I don’t care for Starbucks’ coffee, but I would say that they do a good job nurturing a welcoming environment in quite a few of their branches–pleasant employees, etc. At least some of that probably comes from compensation and benefits, not just training. A place like Best Buy would be a lot better off if it concentrated heavily on hiring people who really know their tech or their product and who have some good social skills and then paying them accordingly, as valuable employees, maybe reducing floor staff if necessary. Better to have fewer better people and make their jobs something they’d like to keep in the longer haul.

Another thought: start distributing some of the managerial decisions–for example, if you build a highly-trained, well-motivated sales force, start giving them a bigger say over what gets stocked on the floor–figure out a way to pool collective knowledge inside the company’s sales staff about product, encourage them to develop knowledge about what’s coming, build their relationships as sales staff to suppliers. Try to thin out the middle of the company as much as possible, cut the layers between senior management and sales staff.
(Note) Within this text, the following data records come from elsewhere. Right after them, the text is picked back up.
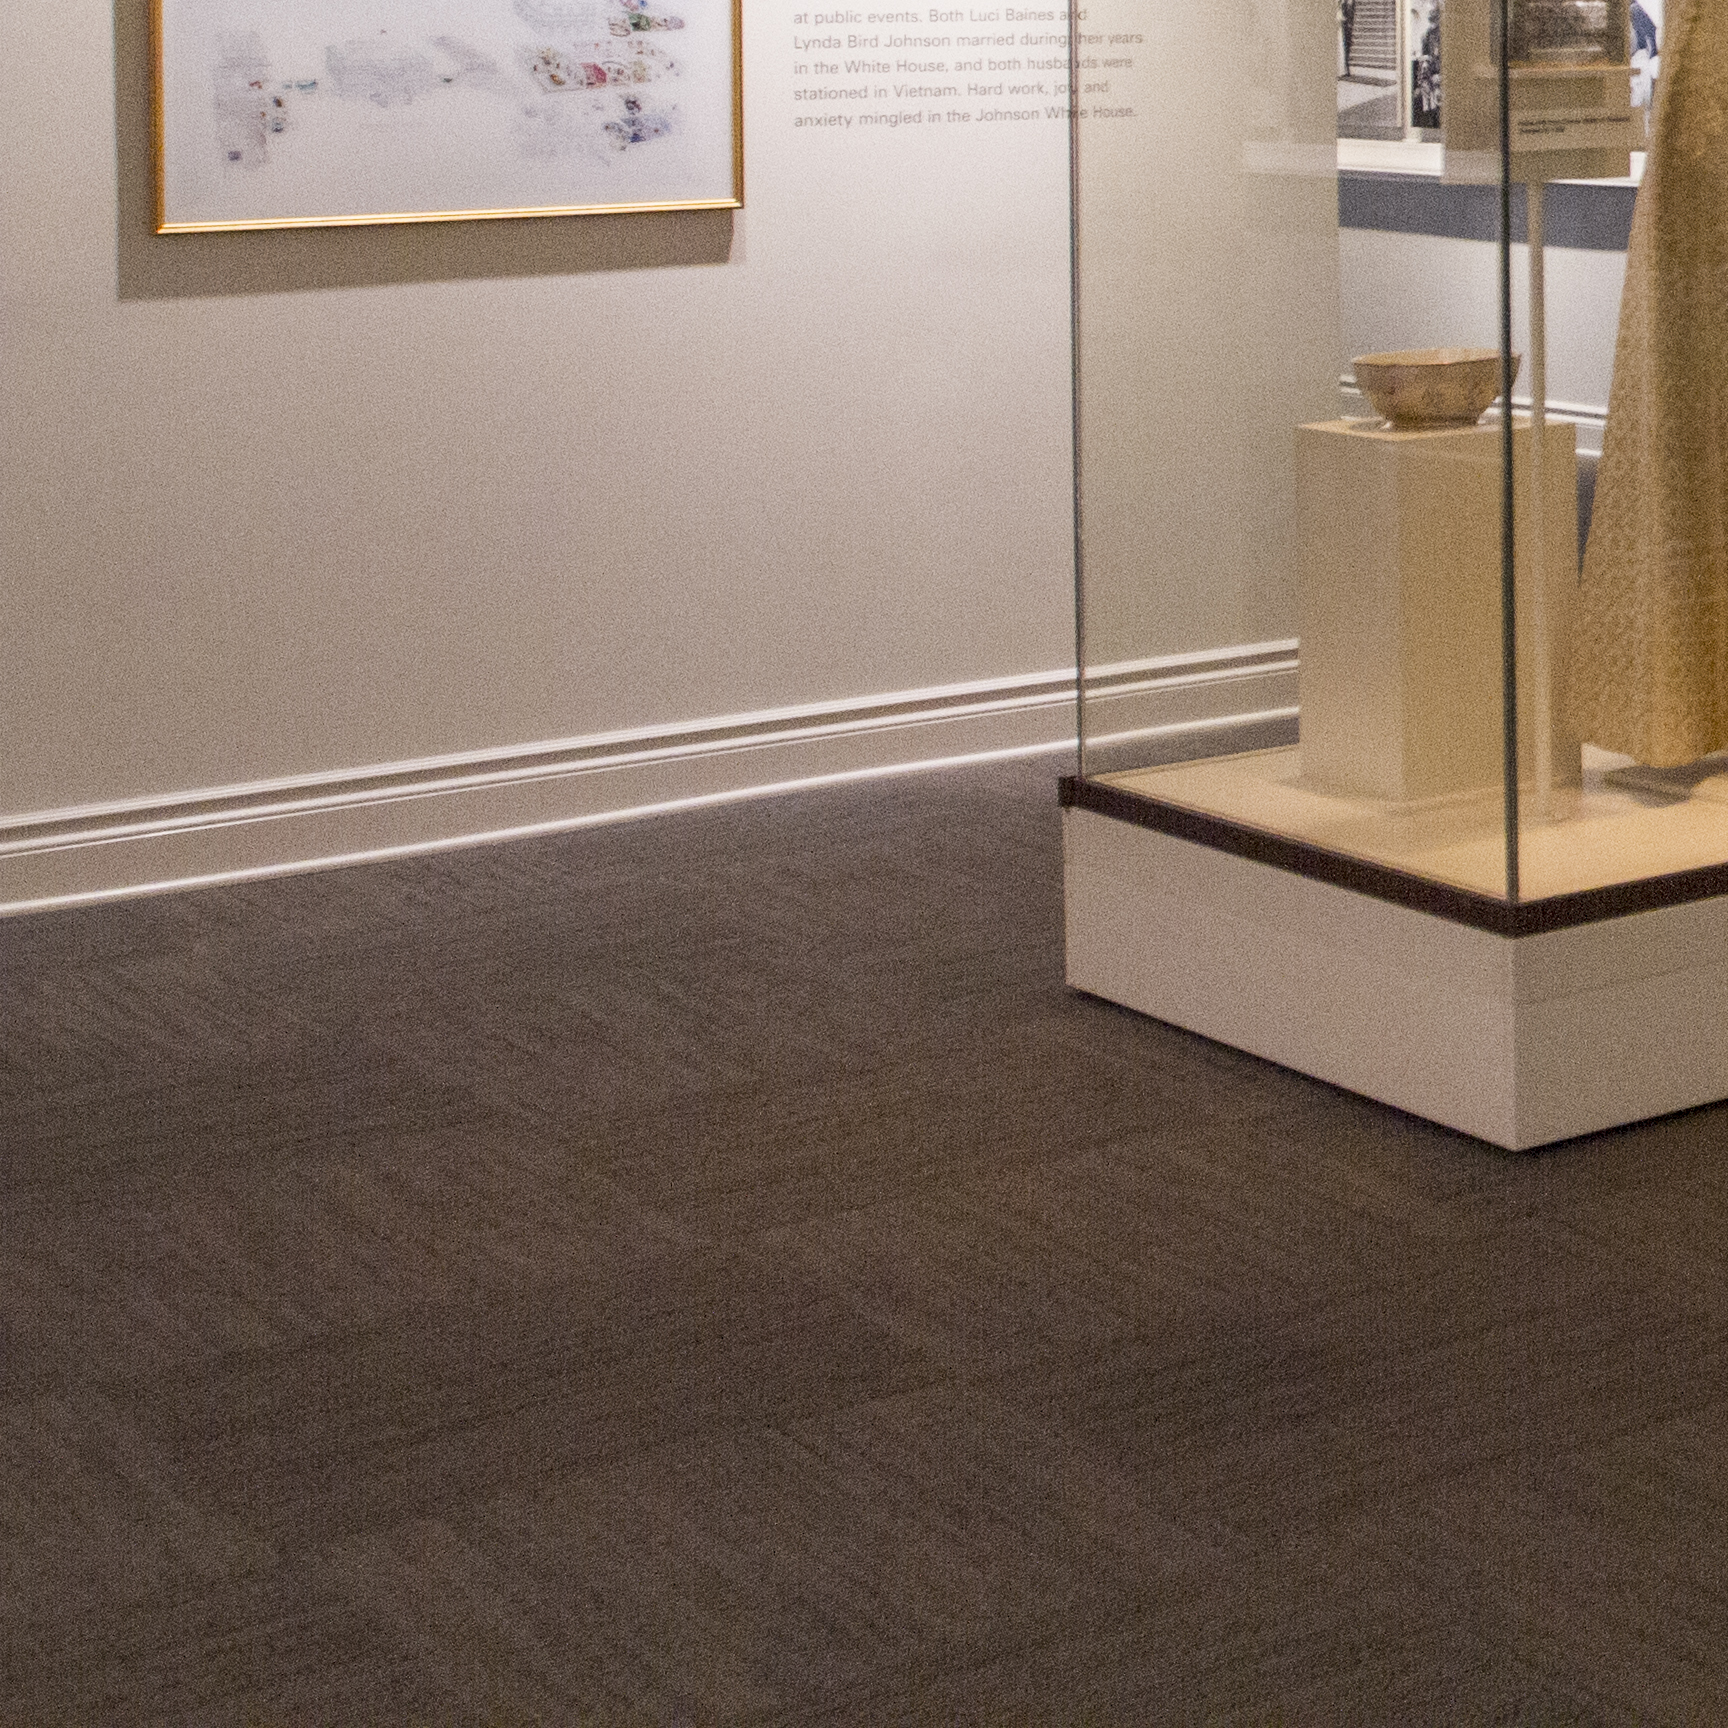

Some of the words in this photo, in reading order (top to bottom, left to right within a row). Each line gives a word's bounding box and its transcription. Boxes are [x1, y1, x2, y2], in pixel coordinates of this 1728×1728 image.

[794, 12, 808, 24] at
[814, 10, 862, 26] public
[867, 11, 923, 23] events.
[929, 9, 964, 23] Both
[969, 8, 1000, 22] Luci
[1005, 8, 1054, 21] Baines
[1059, 9, 1087, 21] ad
[794, 35, 841, 52] Lynda
[847, 34, 879, 48] Bird
[884, 35, 951, 48] Johnson
[956, 33, 1014, 46] married
[1020, 32, 1068, 48] during
[1073, 33, 1104, 44] heir
[1108, 34, 1144, 46] years
[794, 62, 808, 74] in
[814, 60, 839, 74] the
[845, 60, 891, 73] White
[896, 60, 949, 73] House,
[954, 59, 983, 71] and
[988, 58, 1021, 71] both
[1102, 58, 1133, 68] were
[794, 86, 868, 101] stationed
[874, 86, 888, 98] in
[893, 84, 962, 98] Vietnam.
[967, 83, 1003, 95] Hard
[1008, 81, 1049, 95] work,
[1084, 81, 1110, 93] and
[794, 113, 853, 129] anxiety
[858, 111, 923, 128] mingled
[927, 110, 941, 123] in
[946, 110, 970, 122] the
[975, 109, 1039, 123] Johnson
[1044, 106, 1088, 119] Whe
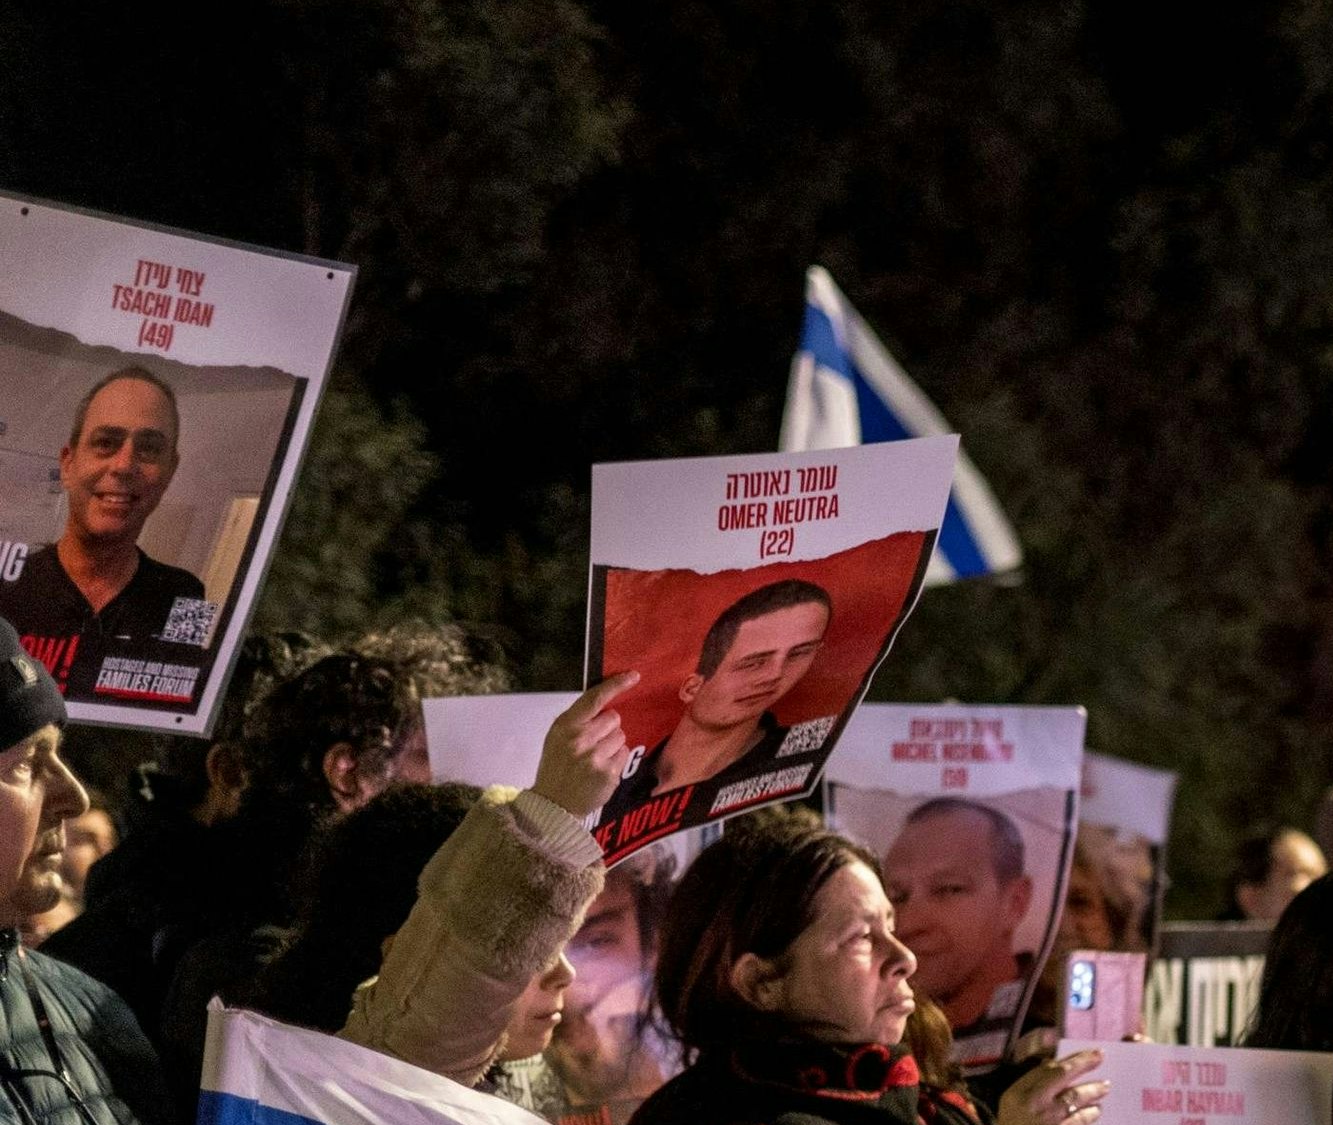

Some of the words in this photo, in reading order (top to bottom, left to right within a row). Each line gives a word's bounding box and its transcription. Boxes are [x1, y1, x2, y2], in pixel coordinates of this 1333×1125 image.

[135, 260, 171, 290] עידן
[176, 268, 205, 297] צחי
[112, 284, 172, 319] TSACHI
[174, 298, 215, 328] IDAN
[138, 319, 174, 352] (49)
[726, 470, 791, 500] נאוטרה
[797, 465, 837, 494] עומר
[718, 502, 768, 531] OMER
[773, 494, 839, 526] NEUTRA
[760, 527, 794, 559] (22)
[97, 669, 151, 691] FAMILIES
[150, 677, 196, 697] FORUM
The more responsibility and autonomy that retail staff on the ground have, the more stake they’ll have in the company’s business over the long haul–if they’re appropriately compensated and rewarded for that. But this won’t work if it’s just B-school middle management voodoo bullshit, if it’s just p.r. covering up a reality that sales staff are treated as disposable units, or if the people who get a managerial responsibility are the drones rather than the folks who really know what the product is and how to sell it.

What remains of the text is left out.